WORK ITEM:
Repeat word for word the line with "Some of the text" and every line after it until the records below run out.

Text-to-region grounding data:
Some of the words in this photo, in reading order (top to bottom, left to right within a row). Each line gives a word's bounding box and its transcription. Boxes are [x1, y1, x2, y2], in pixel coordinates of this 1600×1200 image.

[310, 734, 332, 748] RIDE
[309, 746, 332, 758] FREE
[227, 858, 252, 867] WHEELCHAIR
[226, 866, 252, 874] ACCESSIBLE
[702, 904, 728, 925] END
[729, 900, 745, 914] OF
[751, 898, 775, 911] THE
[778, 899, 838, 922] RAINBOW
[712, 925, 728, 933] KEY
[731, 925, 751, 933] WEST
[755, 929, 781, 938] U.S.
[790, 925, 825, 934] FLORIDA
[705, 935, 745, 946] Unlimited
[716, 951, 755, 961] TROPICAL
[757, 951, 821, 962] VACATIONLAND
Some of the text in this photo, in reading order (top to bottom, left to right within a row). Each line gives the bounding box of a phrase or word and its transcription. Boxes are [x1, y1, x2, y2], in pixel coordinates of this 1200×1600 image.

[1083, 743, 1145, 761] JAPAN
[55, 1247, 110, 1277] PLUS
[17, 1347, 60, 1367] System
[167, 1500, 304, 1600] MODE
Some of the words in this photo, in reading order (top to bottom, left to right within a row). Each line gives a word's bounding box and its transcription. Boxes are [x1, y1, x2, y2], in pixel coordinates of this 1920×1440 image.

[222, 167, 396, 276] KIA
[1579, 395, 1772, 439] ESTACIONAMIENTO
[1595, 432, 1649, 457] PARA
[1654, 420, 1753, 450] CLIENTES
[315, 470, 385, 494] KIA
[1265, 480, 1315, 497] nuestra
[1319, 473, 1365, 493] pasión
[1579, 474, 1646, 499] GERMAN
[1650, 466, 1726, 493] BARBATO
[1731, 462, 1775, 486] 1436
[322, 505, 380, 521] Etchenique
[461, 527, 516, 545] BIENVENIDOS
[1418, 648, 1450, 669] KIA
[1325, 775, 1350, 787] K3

RESULT:
Some of the text in this photo, in reading order (top to bottom, left to right within a row). Each line gives the bounding box of a phrase or word and its transcription. Boxes are [x1, y1, x2, y2], in pixel coordinates of this 1200×1600 image.

[1083, 743, 1145, 761] JAPAN
[55, 1247, 110, 1277] PLUS
[17, 1347, 60, 1367] System
[167, 1500, 304, 1600] MODE
Some of the words in this photo, in reading order (top to bottom, left to right within a row). Each line gives a word's bounding box and its transcription. Boxes are [x1, y1, x2, y2], in pixel coordinates of this 1920×1440 image.

[222, 167, 396, 276] KIA
[1579, 395, 1772, 439] ESTACIONAMIENTO
[1595, 432, 1649, 457] PARA
[1654, 420, 1753, 450] CLIENTES
[315, 470, 385, 494] KIA
[1265, 480, 1315, 497] nuestra
[1319, 473, 1365, 493] pasión
[1579, 474, 1646, 499] GERMAN
[1650, 466, 1726, 493] BARBATO
[1731, 462, 1775, 486] 1436
[322, 505, 380, 521] Etchenique
[461, 527, 516, 545] BIENVENIDOS
[1418, 648, 1450, 669] KIA
[1325, 775, 1350, 787] K3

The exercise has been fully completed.